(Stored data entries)
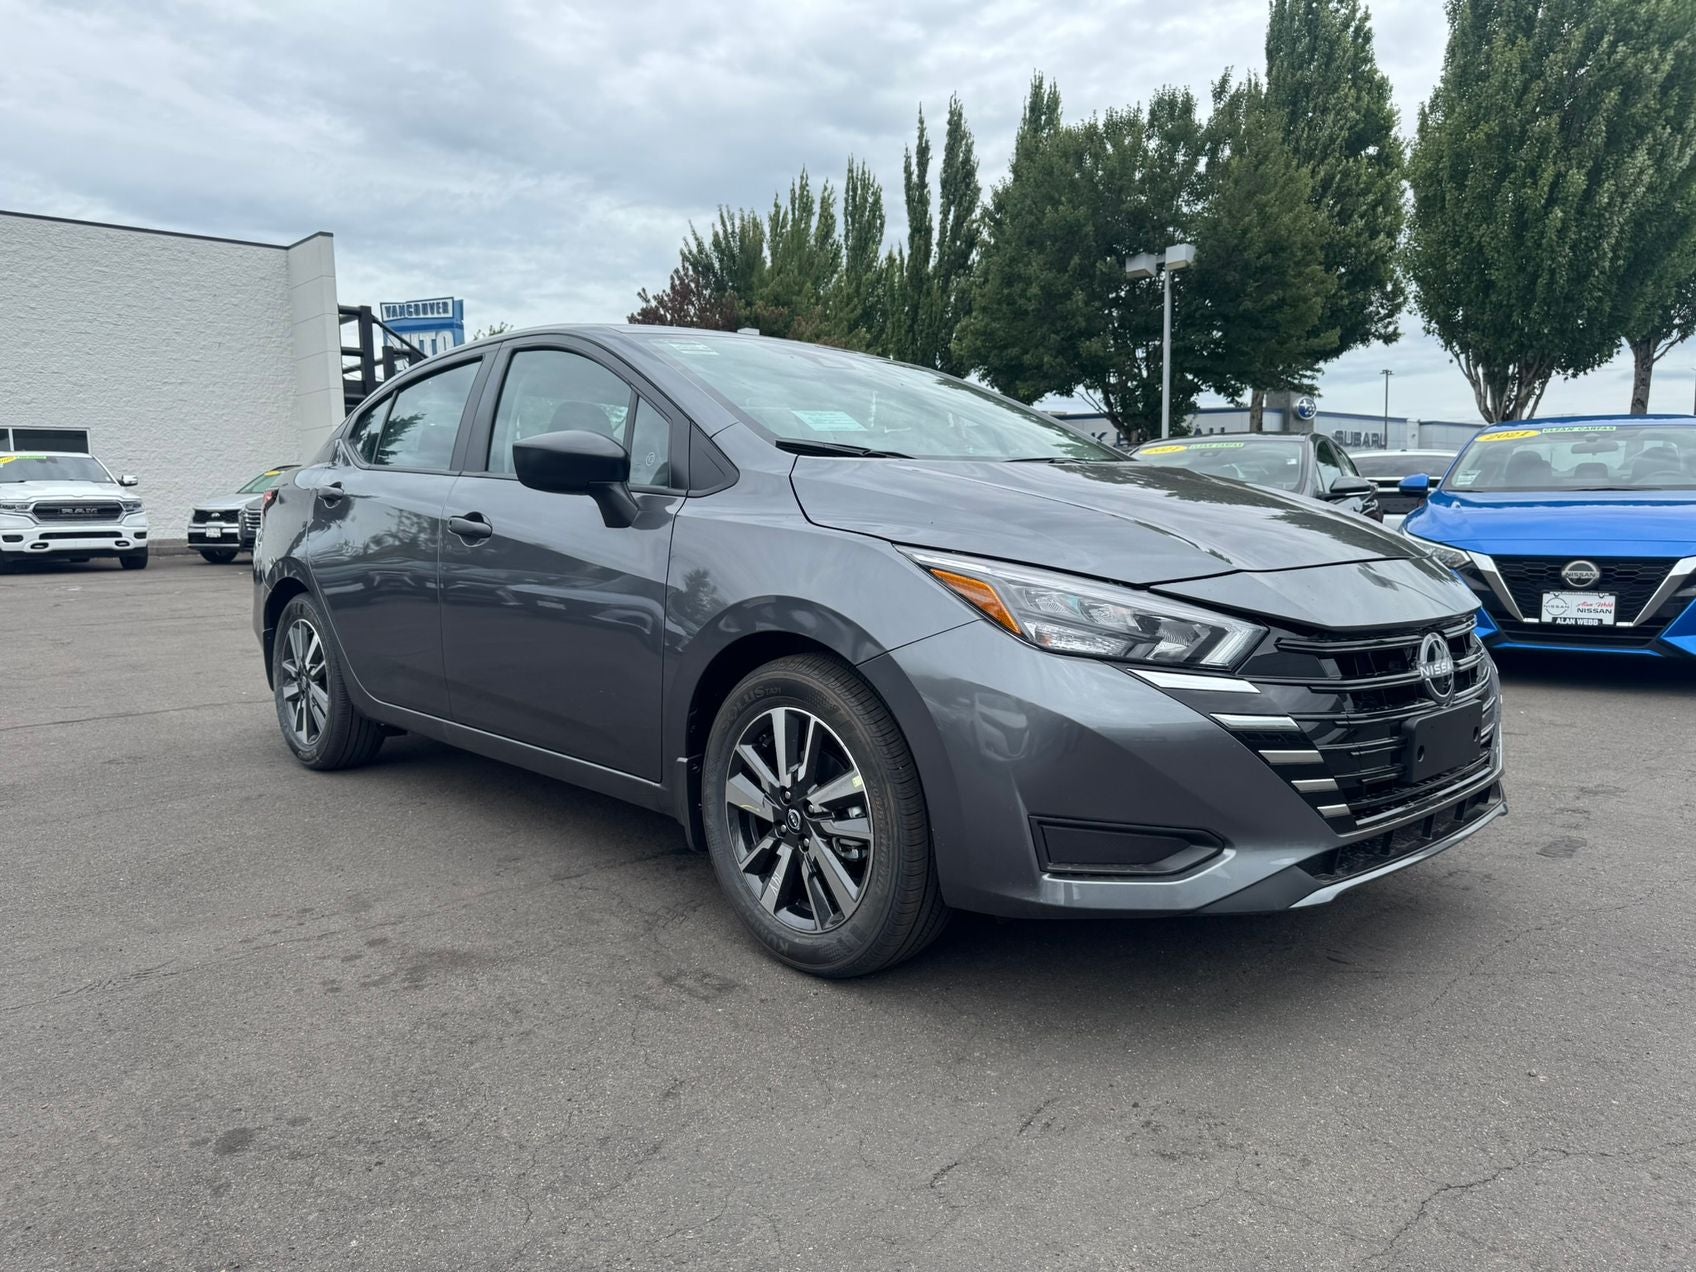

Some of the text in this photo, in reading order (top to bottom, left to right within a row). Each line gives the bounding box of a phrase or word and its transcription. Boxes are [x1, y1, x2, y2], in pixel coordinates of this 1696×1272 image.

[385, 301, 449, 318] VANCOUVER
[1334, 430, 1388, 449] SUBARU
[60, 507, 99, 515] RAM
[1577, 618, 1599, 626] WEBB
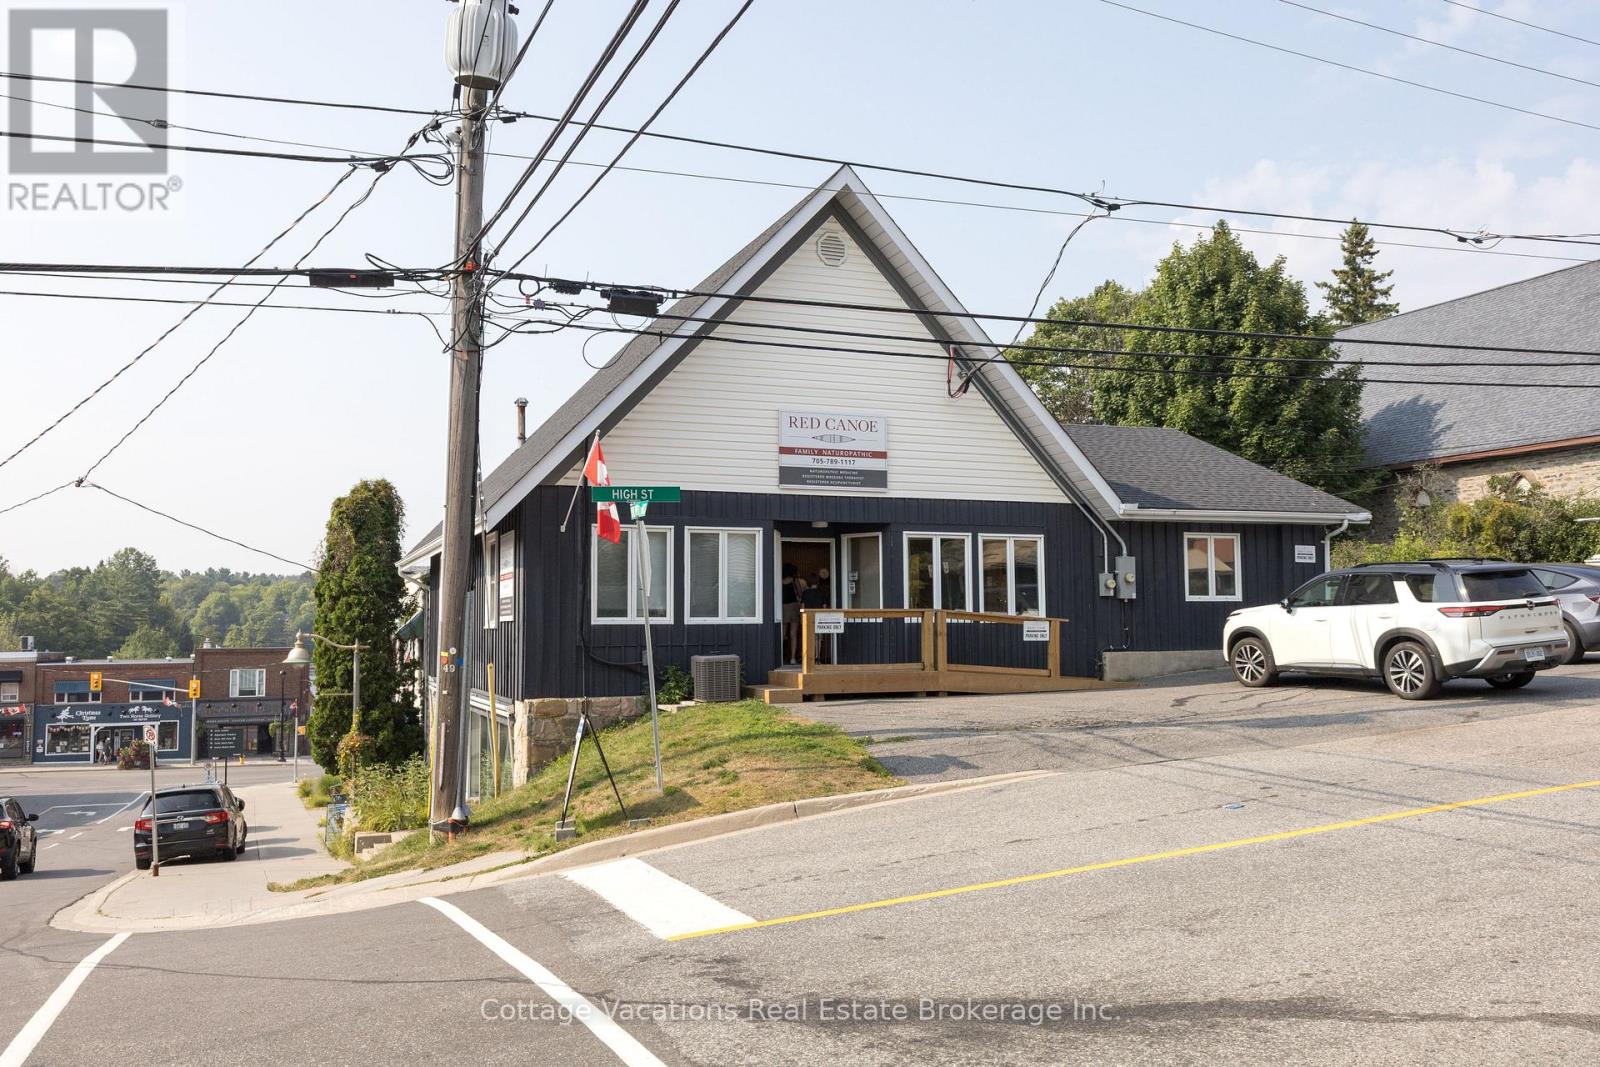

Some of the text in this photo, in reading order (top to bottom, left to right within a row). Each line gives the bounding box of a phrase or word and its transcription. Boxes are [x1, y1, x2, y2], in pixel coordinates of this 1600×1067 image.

WORK INSTRUCTION »
Your copy must repeat the data word for word and show none of its images.

SOLUTION TO THE EXERCISE »
Some of the text in this photo, in reading order (top to bottom, left to right within a row). Each line gives the bounding box of a phrase or word and its transcription. Boxes are [x1, y1, x2, y2], in pixel coordinates of this 1696×1272 image.

[385, 301, 449, 318] VANCOUVER
[1334, 430, 1388, 449] SUBARU
[60, 507, 99, 515] RAM
[1577, 618, 1599, 626] WEBB

Some of the text in this photo, in reading order (top to bottom, left to right within a row). Each line gives the bounding box of a phrase or word and its transcription. Boxes are [x1, y1, x2, y2], in pixel coordinates of this 1600×1067 image.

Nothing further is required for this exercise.